# Smoking Wild Boar



## scwatrboyo1 (Jan 8, 2014)

Hey guys, I've researched and read a lot about smoking wild boar, but wanted to get my own thread.  I'm quartering up a wild boar hog(220lb) tonight(I know this is a little big for most, and it was, but i can't see that meat go to waste), curious as of which cuts I should save to smoke, which ones for sausage??  Also curious if I should brine the meat before I smoke it.  Any tips, recipes would help a ton.  thanks guys


----------



## kc5tpy (Jan 8, 2014)

Hello.  Wild boar seems to have become a generic term.  You have not updated your location so I don't know where you live ( which might give me a clue to my questions ), and you don't tell us about your experience with game and hunting, or grilling/bbq/smoking game.  1st question is : was it a boar or a sow? 2nd question: If it was boar, was proper procedure followed after the kill?3rd question: was it a wild "boar" or a feral hog?

Wild Boar:













wild.jpg



__ kc5tpy
__ Jan 8, 2014






 Feral hog:













feral.jpg



__ kc5tpy
__ Jan 8, 2014






While still really lean a feral hog/ feral cross does have a little more fat.

Danny


----------



## ducksanddogs (Jan 8, 2014)

I just did a shoulder from a feral hog this weekend (which I'm assuming is what you're referencing) and it ended up really good.  It was a little drier than a store bought shoulder because it didn't have the same fat content.  It still tasted really good, though.  I smoked at 225 until the internal temp was 195, wrapped it for an hour, and then pulled it.


----------



## redneck69 (Jan 8, 2014)

here is some boar i did for a buddy...hope this helps

http://www.smokingmeatforums.com/t/135530/wild-boar-back-straps-shoulders-and-a-roast


----------



## scwatrboyo1 (Jan 8, 2014)

It was a wild boar, i'm located in south carolina.  I have a ton of experience as far as deer processing, even though smoking is not my strong point.  I have butchered one wild sow before and it turned out pretty good.  made brats with ham n shoulders.  grilled loins, and tried tosmoke ribs, but that was a bad experience.


----------



## scwatrboyo1 (Jan 8, 2014)

also as far as after I dressed it i put it in a cooler with ice n water, changing the ice n water for the next three days, and since it has been on just ice draining.  from my experience and research this is the best i could do with the wild boar.


----------



## kc5tpy (Jan 8, 2014)

Hello redneck69.  My questions still stand.  Was it "boar" or feral?  Was it a boar or sow?  The main reason is how to treat the meat, and as you said the meat was soaked.  We may differ on exact procedure but we agree that there needs to be a procedure.  AND we are talking about a 220 lb. animal.

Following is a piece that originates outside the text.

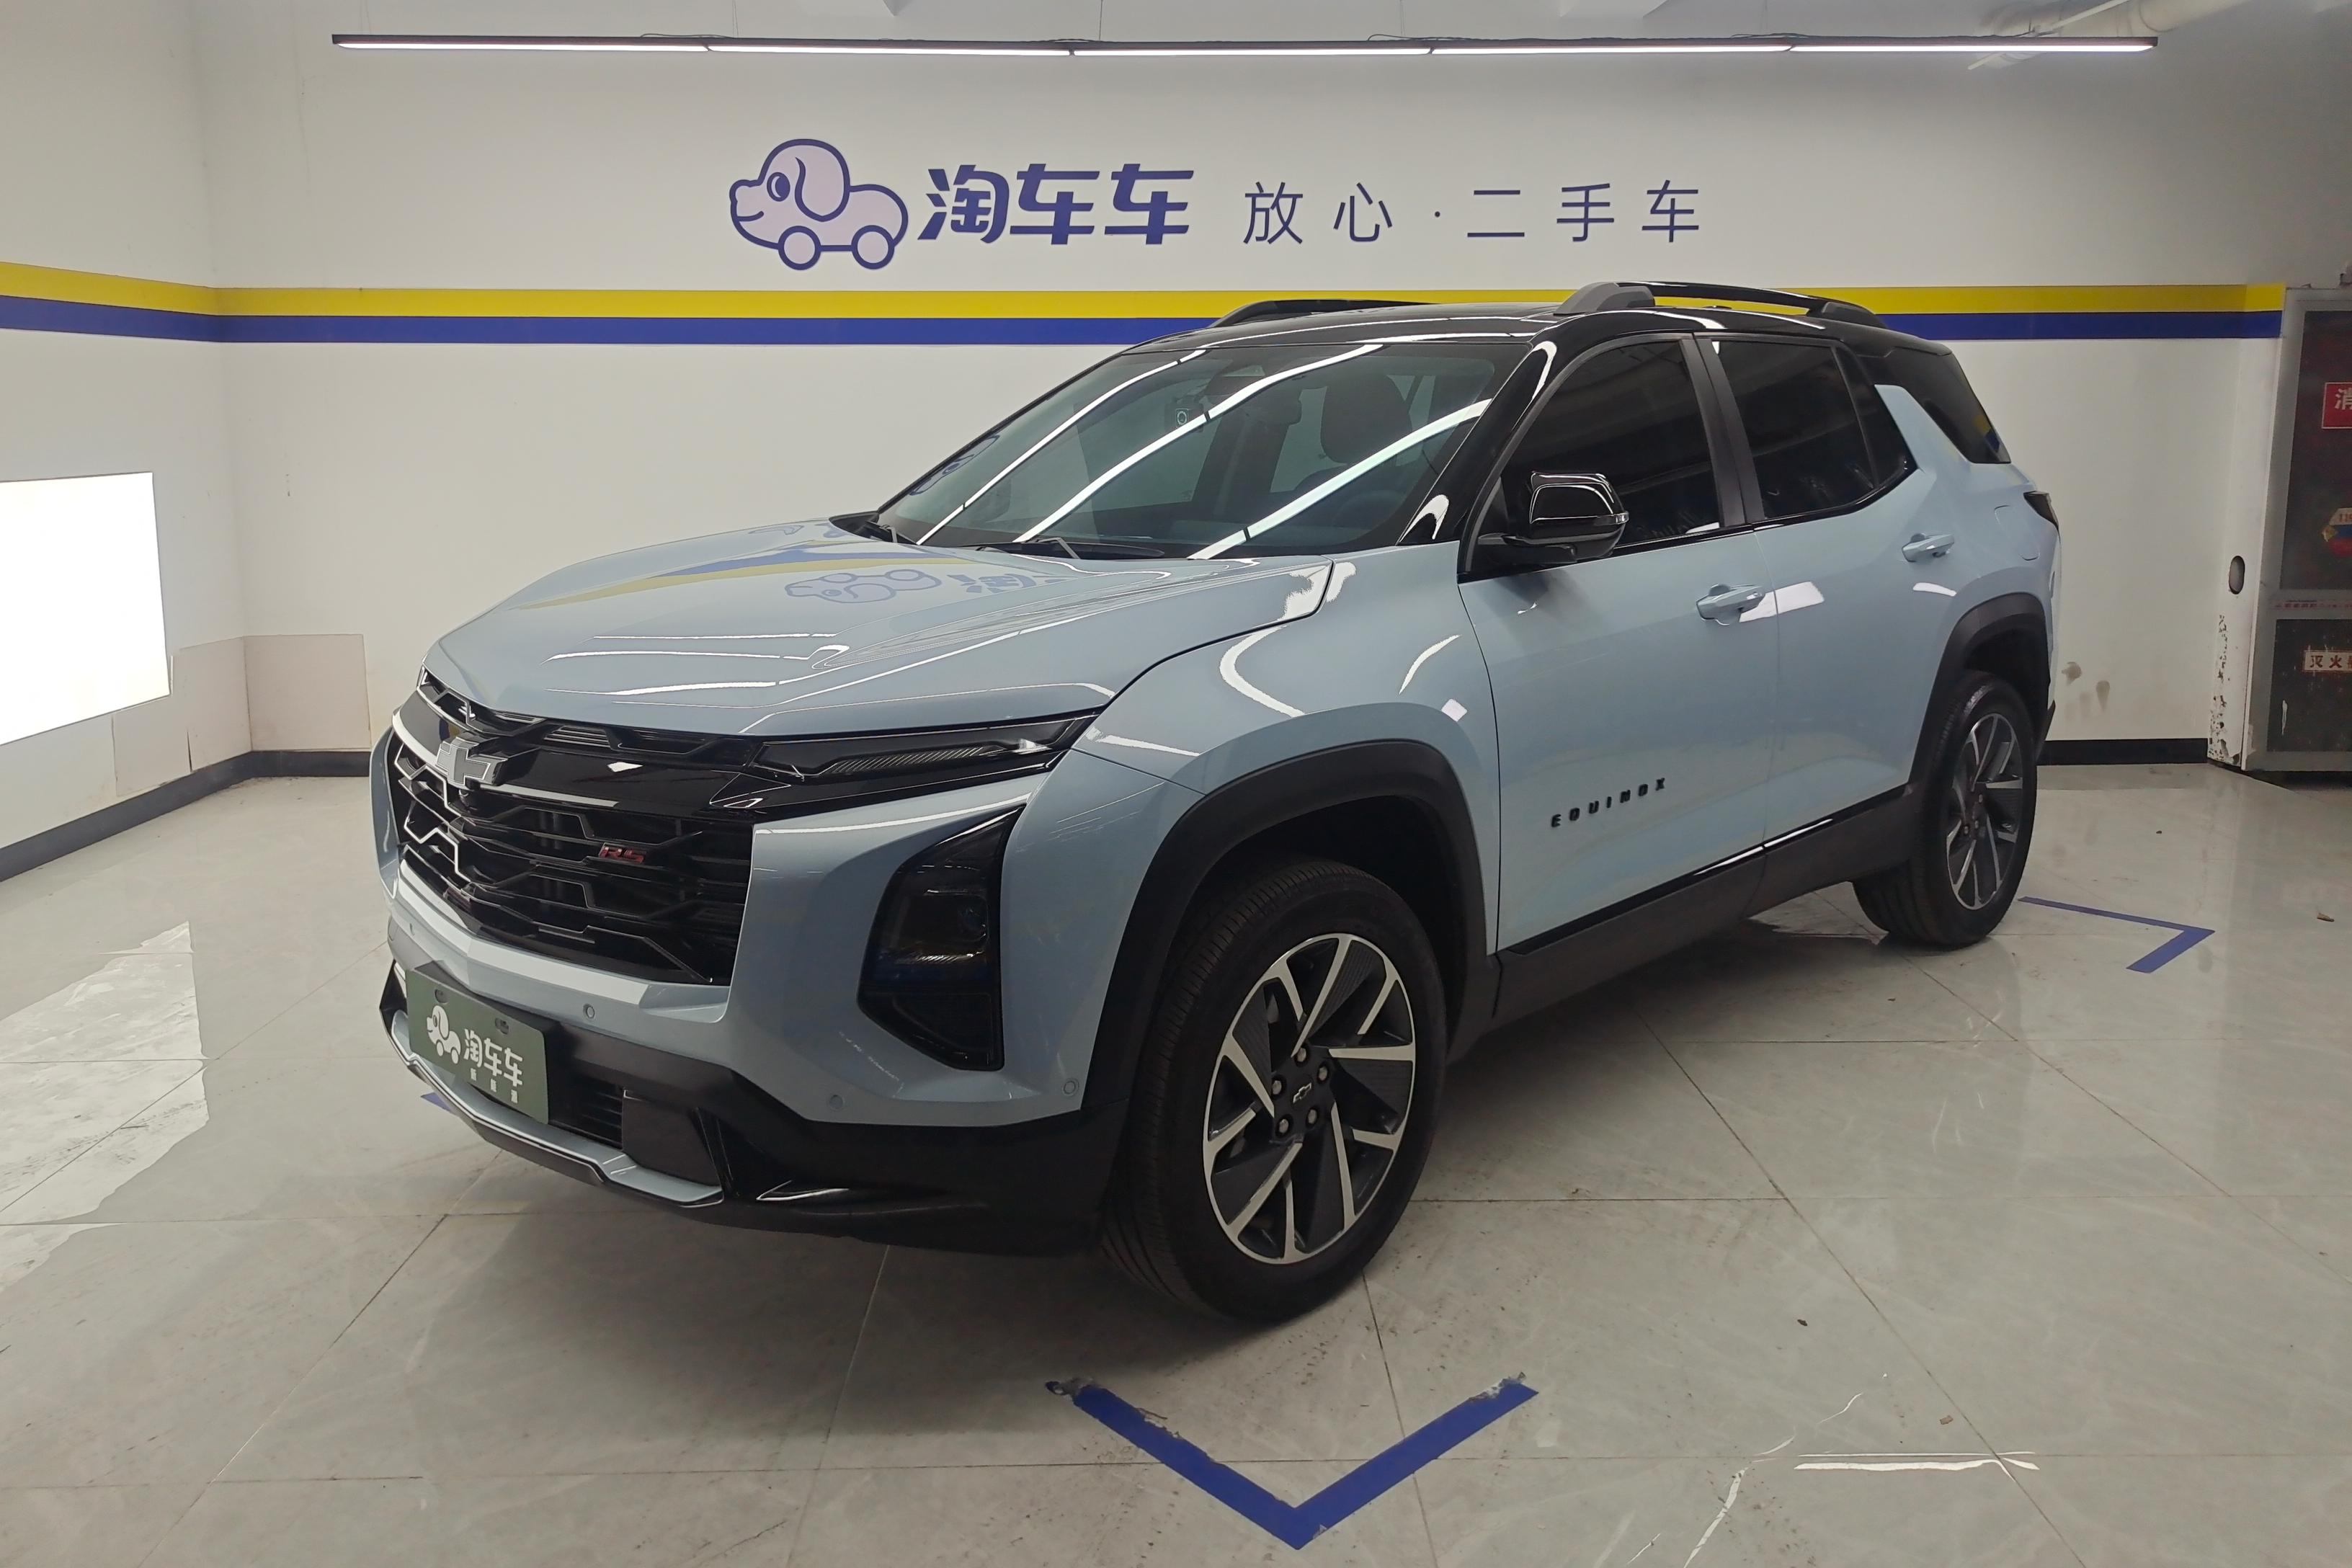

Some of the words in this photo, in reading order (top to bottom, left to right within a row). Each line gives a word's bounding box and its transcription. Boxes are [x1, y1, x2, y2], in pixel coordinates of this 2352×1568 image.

Hello Ducksanddogs.  Fellow Tx. boy.  Even with feral hogs a covering of bacon will greatly help with the dryness.  Using a brine would also help with these animals.

Maybe I should explain why I asked the questions for folks who are not avid hunters:  "Wild Boar" is a generic term used to describe a totally wild animal that has never been "bred" to achieve certain characteristics  such as leaner meat, more fat,  faster growing. Like cattle and horses; pigs were a totally wild animal that man has domesticated and changed over time.  The term "Wild Boar" usually incorporates both male and female animals.  Feral hogs were once domesticated but their ancestors escaped, reverted to a wild nature and have even bred with the true wild pig.  I will use "male" and "female" to avoid confusion.  Whether you should shoot "hogzilla" or the biggest  buck with the most horns and cull your best breeding stock is a post for a hunting forum.  We are talking about meat here.  A younger, smaller animal will ALWAYS have a better taste and be more tender.  Even with pigs and cattle we usually butcher these animals between certain age and weight for quality.  A 220 lb. wild pig has developed some STRONG flavour.  If "wild boar" more so than feral.  If a male, more so than a female.  If a male,  I would have left him to breed as you are going to SERIOUSLY have to do something with the meat to use it for other than sausage and even then it might be too strong ( soak in ice water, soak in milk, brine, all 3? ).  Even with a female it will be touch and go.  Feral hog is slightly better at that weight because of slightly more fat, but the same applies with male or female.

If I am being honest, I think you will be ok with the back strap ( I soaked mine overnite in milk and then dry well with paper towels before cooking ) wrapped in bacon no matter the answers.  I would soak the rest in ice water, milk, whatever and grind it for sausage.  This is only my opinion.  Good luck.  Keep Smokin!

Danny


----------



## scwatrboyo1 (Jan 8, 2014)

Wild male boar, razorback. fully wild.  big stankin animal.  I had planned on doing a lot in sausage, but really wanted to smoke some, but if its agreed upon that sausage would be best option then that it'll be.  I mean with deer, I can make any size, any time during the year(peak) rut taste exellent, only thing i notice is a tender factor, but I knwo this will not be true with boar.  anyways thanks fo the advise guys. let me know


----------



## redneck69 (Jan 9, 2014)

my buddy referred to them as wild boar...but usually in Texas they are feral....i didn't shoot it..just smoked it..and it turned out pretty darn good


----------



## kc5tpy (Jan 9, 2014)

Hello.  
	

	
	
		
		



		
			






   Animal like that, took him an hour to beat the fleas off!!  Many times when you offer advice you are not sure what experience the OP has.  I see you have experience.  I wouldn't give up altogether.  Cut a nice piece of meat, something like backstrap, tenderloin and process it as you would some strong venison.  Wrap in thick cut bacon and give 'er a whirl.  Not much to lose.  On that weight animal I would use hickory or pull out the BIG GUN and go for mesquite. That meat will handle the strong smoke.  Worth a try.  Good luck and let us know how it turns out.  Keep Smokin!

Danny


----------